There's yet another shot fired in the
#exxonknew culture wars, with
Assessing ExxonMobil’s global warming projections by the usual suspects of Supran and
Oreskes, but - regrettably - adding new boy Rahmstorf endorsing this idiocy
1. The material appears dull - these are the same kind of early dox we already know about - with the spin that they're assessing the projections. So, see
Fueling the Climate Crisis: Exposing Big Oil’s Disinformation Campaign to Prevent Climate Action? and friends for context.
To make sure you're in the mood, and to try their best to avoid you reading this stuff neutrally, the piece is sub-titled "Insider knowledge"; yes, that's right, those evil fossil fuel companies were secretly publishing their results in the scientific literature, which no-one reads. Cunning or what.

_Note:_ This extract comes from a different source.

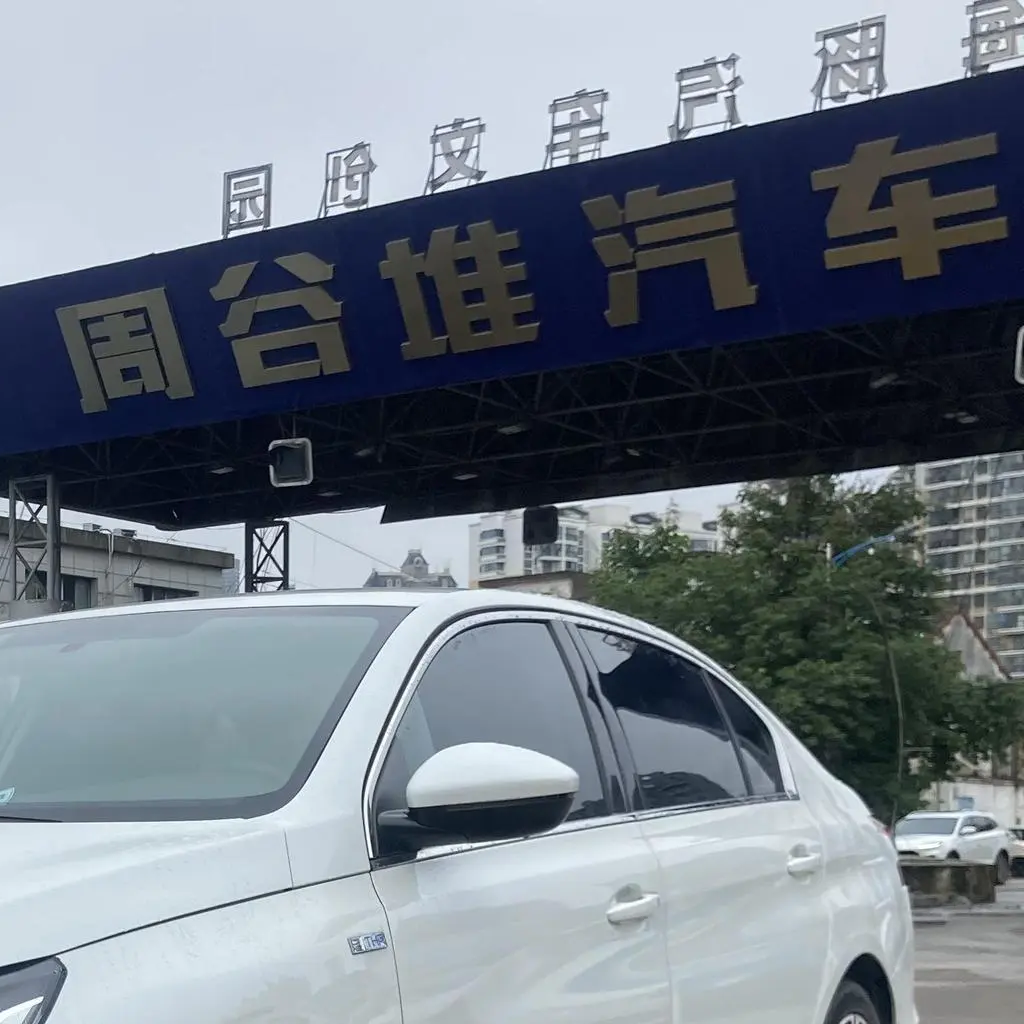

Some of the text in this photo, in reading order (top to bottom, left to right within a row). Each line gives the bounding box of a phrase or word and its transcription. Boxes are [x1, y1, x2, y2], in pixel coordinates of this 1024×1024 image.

[55, 132, 1009, 413] 周谷堆汽车

Otherwise, the contention is "in private and academic circles since the late 1970s and early 1980s, ExxonMobil predicted global warming correctly and skillfully" (my bold). Per Who knew what when?, I don't find that at all persuasive: by IPCC 1990, the scientific consensus was that models aren't good enough to produce reliable predictions, so there's no way the even crummier models of a decade earlier - and this was a time of rapid progress - could be know to be good enough to be useful, at the time.
There's also the mysterious 'Today, dozens of cities, counties, and states are suing oil and gas companies for their “longstanding internal scientific knowledge of the causes and consequences of climate change and public deception campaigns.”' That's a quote, a rather leading quote: but who is it a quote from? They carelessly don't say, but it appears to be from Massachusetts v Exxon. Suing someone for knowing things is totally weird, or rather it would be, but they've mangled the quote; the original makes sense. Anyway, presenting something like that, unsourced, when it is deliberately leading lawyer-shite in an article in Science... tells you how far Science has slipped. Weirdly, they find no space to mention Alsup, once the Great White Hope, now I presume consigned to the memory hole for having produced the Wrong Answer.
Refs
* Nierenberg, concluded: Oreskes is wrong
* #exxonlied (2016)
* Yet more Exxon drivel (2016)
* Not, In Fact, So - Timmy, on another aspect, investment
* The Beeb does at least ask Exxon, who correctly say this is a re-tread: "This issue has come up several times in recent years and, in each case, our answer is the same: those who talk about how "Exxon Knew" are wrong in their conclusions," the company told BBC News. Meanwhile, Oreskes doubles down on the privileged information drivel.
* On being ripped off
* The Need for Heroes and Heroism
* The 7 Habits of Freedom Loving Academics (reminder: yes, Jordan Peterson is a tosser)
* Good-Faith Reading vs. Adversarial Reading
* Bryan Caplan: AI Bet! FWIW, I bet on the AI
* Early oil industry knowledge of CO2 and global warming?
Notes
1. On Twatter, SR goes as far as "Study shows ExxonMobil hiding knowledge of the threat of climate change..." which I think is complete drivel (arch). In case you're not thinking - see the comments for BL's reaction - it isn't even possible for Exxon to hide public knowledge.